The Empire Stores development on Water Street between Dock and Main streets will include a rooftop beer hall and garden, its developers announced this week.
“Where else in New York can you enjoy great food and drinks on the roof of a 19th century warehouse with unparalleled views of the Brooklyn and Manhattan bridges, New York Harbor, and downtown Manhattan?” asked Jack Cayre, principal of Midtown Equities, rhetorically.
The former coffee warehouses have been abandoned since the 1960s and had fallen in to disrepair before the Brooklyn Bridge Park Corporation turned over the properties to Cayre’s company late last year. The developer is getting a 96-year lease, which is expected to generate $60 million for the maintenance of Brooklyn’s front yard.
The roofs of the four- and five-story structures boast expansive views of the waterfront and the Manhattan skyline. The top deck will feature a beer hall with outdoor and indoor seating, a separate restaurant, glass-walled office space, and a public park, the developer says.
“The beer hall, and Empire Stores in general, will be a place of community, mixing work and play,” Cayre said.

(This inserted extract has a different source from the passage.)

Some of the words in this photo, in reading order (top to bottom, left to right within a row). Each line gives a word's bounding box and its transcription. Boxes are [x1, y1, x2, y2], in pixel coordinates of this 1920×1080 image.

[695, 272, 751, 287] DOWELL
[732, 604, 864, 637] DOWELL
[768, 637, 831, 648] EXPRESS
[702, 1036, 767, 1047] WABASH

Plans for the rest of the complex include retail space and five football fields worth of office space — a sorely needed commodity in Dumbo, where vacancy rates are estimated at less than one percent, according to the Dumbo Improvement District.

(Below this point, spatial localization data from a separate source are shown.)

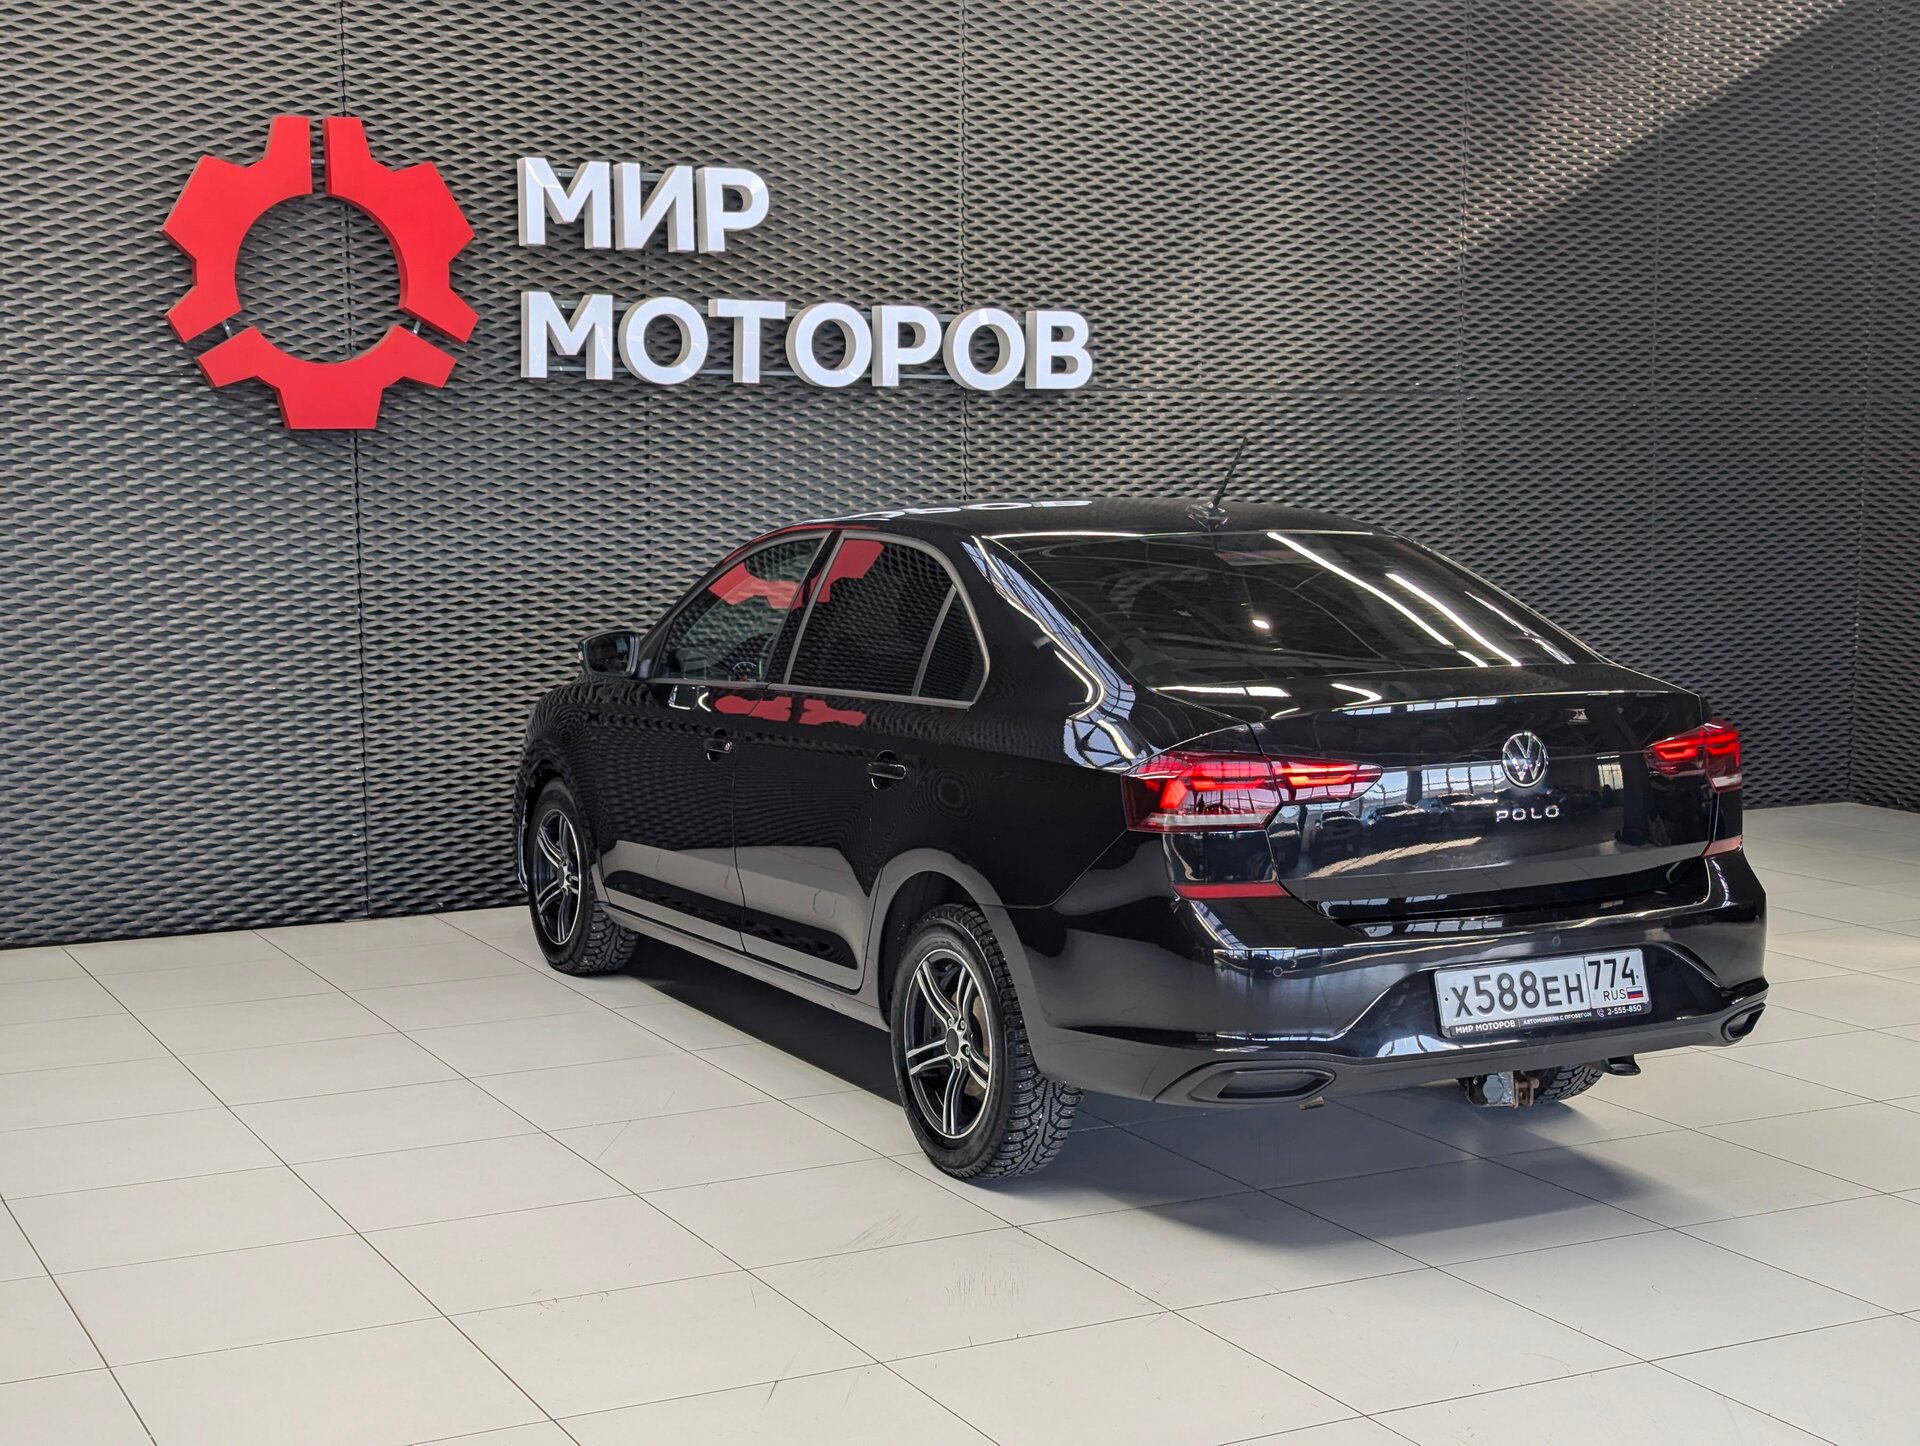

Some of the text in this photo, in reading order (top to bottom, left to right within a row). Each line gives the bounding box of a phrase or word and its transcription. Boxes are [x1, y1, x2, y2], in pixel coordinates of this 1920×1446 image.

[517, 157, 770, 253] МИР
[520, 291, 1093, 391] МОТОРОВ
[1496, 805, 1560, 822] POLO
[1588, 957, 1636, 990] 774
[1603, 989, 1627, 1001] RUS
[1455, 1023, 1474, 1034] МИР
[1476, 1020, 1516, 1032] МОТОРОВ
[1523, 1016, 1559, 1025] АВТОМОБИЛИ
[1565, 1011, 1593, 1020] ПРОБЕГОМ
[1607, 1004, 1642, 1015] 2-555-850

The furniture store West Elm is the only official tenant so far, and it has committed to leasing office space and a storefront in the complex, Midtown Equities said.
Big-time Dumbo builder Two Trees Management sat on the properties from the 1980s until 2002. The Empire State Development Corporation then handed the site over to a rival developer, Shaya Boymelgreen. When his project failed to come to fruition, the state took it back.
In 2007, state officials had to evacuate the surrounding area when the Empire Stores structures were found to be unsound.
The project is located next to the Tobacco Warehouse, the roof-less shell of an 1860 industrial building that is being transformed into the new home of the Saint Ann’s Warehouse theater company.